However, a supply is not a taxable supply to the extent that it is GST-free or input taxed.
You are supplying project management services for consideration.
Under the development arrangement, the ownership of any agreed structural or other improvements become the property of the owner on the termination or early expiry of the lease. Accordingly, you are supplying construction services and project management services.
As your supplies:-
· are made for consideration,
· are made in the course or furtherance of your enterprise,
· are connected with Australia, and
· you are registered for GST,
they will satisfy the requirements of section 9-5 of the GST Act.
In your factual situation, there is no provision of the GST Act that would make your services GST-free or input taxed. Therefore, your supplies of project management and construction services will be taxable supplies.
Question 2
Are your supplies of general services and personal services GST free under subsection 38-25(1), section 38-30 or section 38-35 of the GST Act?
Residential care
Subsection 38-25(1) of the GST Act provides that :-
(1) A supply of services is GST-free if:
(a) it is a supply of services covered by Schedule 1 to the Quality of Care Principles; and
(b) it is provided through a residential care service (within the meaning of the Aged Care Act 1997); and
(c) the supplier is an approved provider (within the meaning of that Act).

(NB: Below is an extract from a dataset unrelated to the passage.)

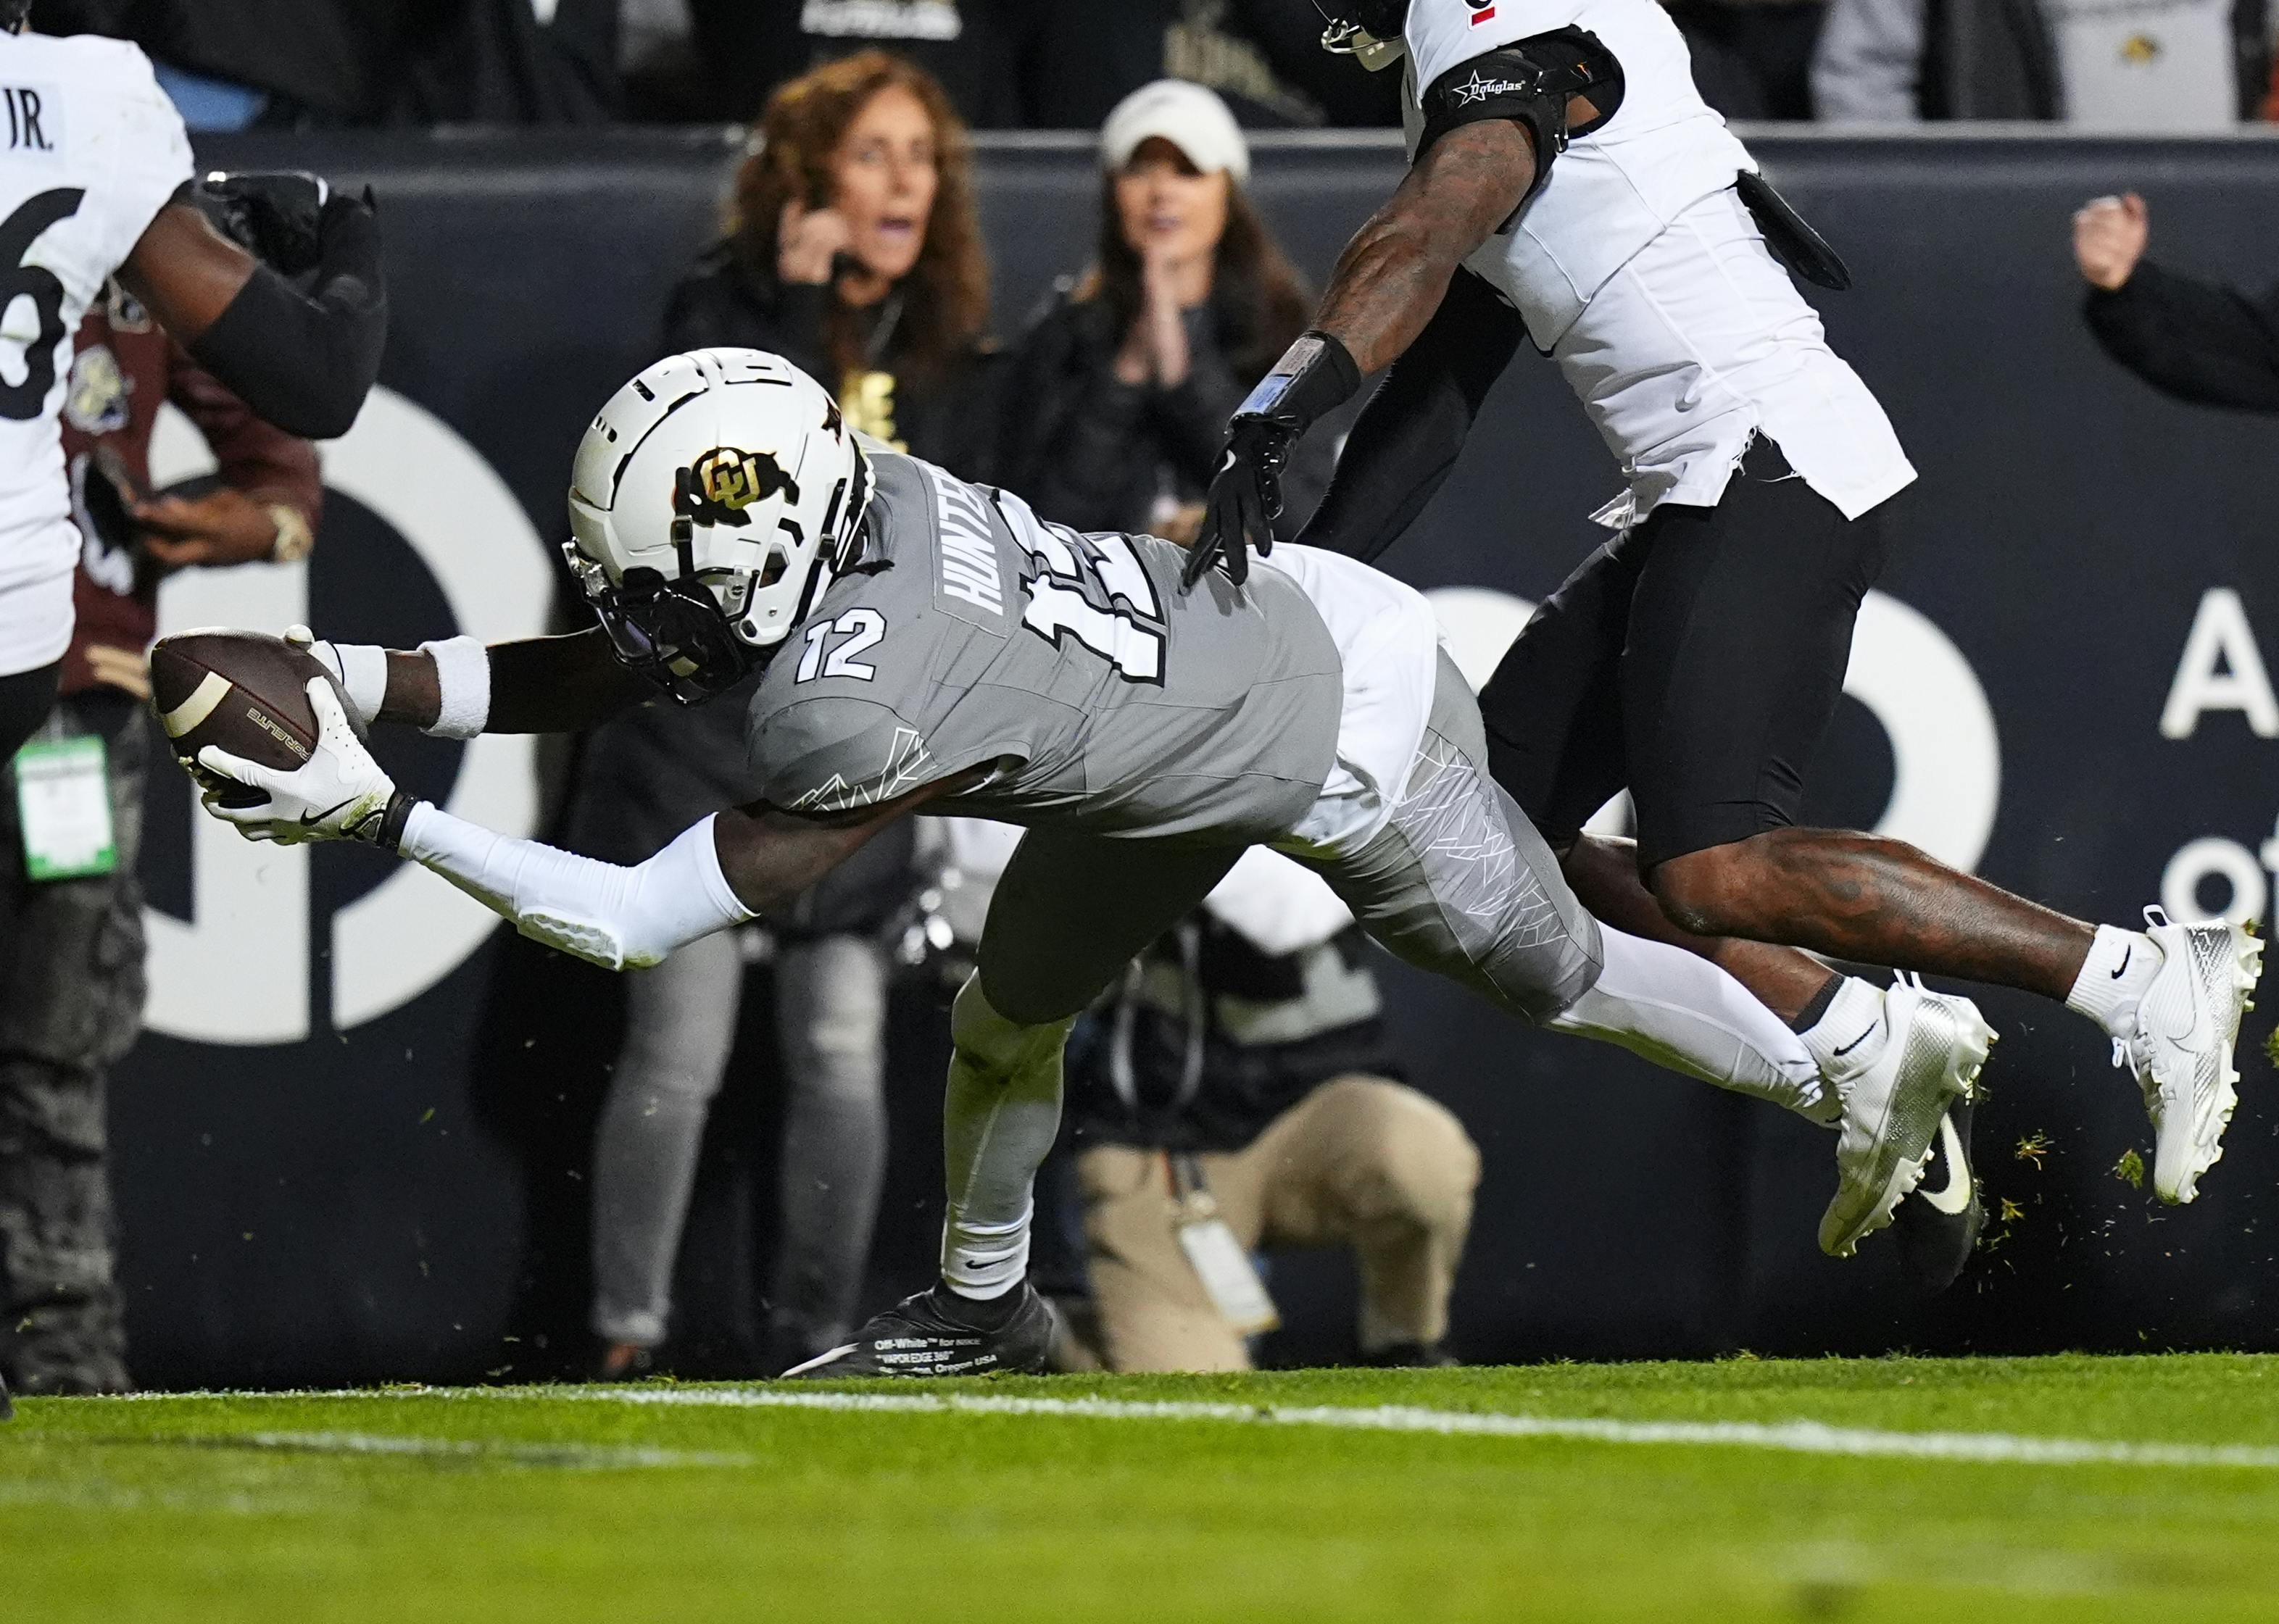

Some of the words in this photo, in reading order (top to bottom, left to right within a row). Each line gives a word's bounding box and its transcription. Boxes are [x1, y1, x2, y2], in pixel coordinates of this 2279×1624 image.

Your agent contends, and we concur, that subsections 38-25(2) and 38-25(3) of the GST Act have no application to your circumstances.

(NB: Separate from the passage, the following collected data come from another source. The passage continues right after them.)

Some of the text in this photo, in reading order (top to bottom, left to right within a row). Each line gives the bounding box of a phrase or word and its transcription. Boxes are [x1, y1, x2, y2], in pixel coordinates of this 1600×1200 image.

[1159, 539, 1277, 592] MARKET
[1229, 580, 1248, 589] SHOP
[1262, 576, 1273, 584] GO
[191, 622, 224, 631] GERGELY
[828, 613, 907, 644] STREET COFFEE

For a service to be GST free under subsection 38-25(1) of the GST Act it must meet all of the criteria.
Some, but not all, of the services that will be supplied under the Care and Support Services Agreement are services covered by Schedule 1 of the Quality of Care Principles. Therefore, only some of the services provided will meet the requirements of paragraph 38-25(1)(a) of the GST Act.
"Residential care service" is defined in the Aged Care Act 1997 to mean an undertaking through which residential care is provided.
Residential care is defined in section 41.3 of the Aged Care Act 1997.
41-3 Meaning of residential care
(1) Residential care is personal care or nursing care, or both personal care and nursing care, that:
(a) is provided to a person in a residential facility in which the person is also provided with accommodation that includes:
(i) appropriate staffing to meet the nursing and personal care needs of the person; and
(ii) meals and cleaning services; and
(iii) furnishings, furniture and equipment for the provision of that care and accommodation; and
(b) meets any other requirements specified in the Residential Care Subsidy Principles.
2. However, residential care does not include any of the following:
(a) care provided to a person in the person's private home;
(b) care provided in a hospital or in a psychiatric facility;
(c) care provided in a facility that primarily provides care to people who are not frail and aged;
(d) care that is specified in the Residential Care Subsidy Principles not to be residential care.
As explained in ATO ID 2001/664, residential facility does not include a private residence. This means that where a person lives in an independent living unit that can be regarded as their home, it will not be considered a residential facility.
Each of your villages is a separate complex. The dwellings were designed and built to be occupied by residents as independent living units. You provided a copy of the site plans for the villages. The plans show that the dwellings are not connected via a common corridor. Rather, the layout of the dwellings is a made up of a number of separate buildings with entry to each apartment via an external doorway. Although you have made some modifications to the units, these are not sufficient to change the essential design of the dwellings. Therefore, the dwellings are still more appropriately described as independent living units.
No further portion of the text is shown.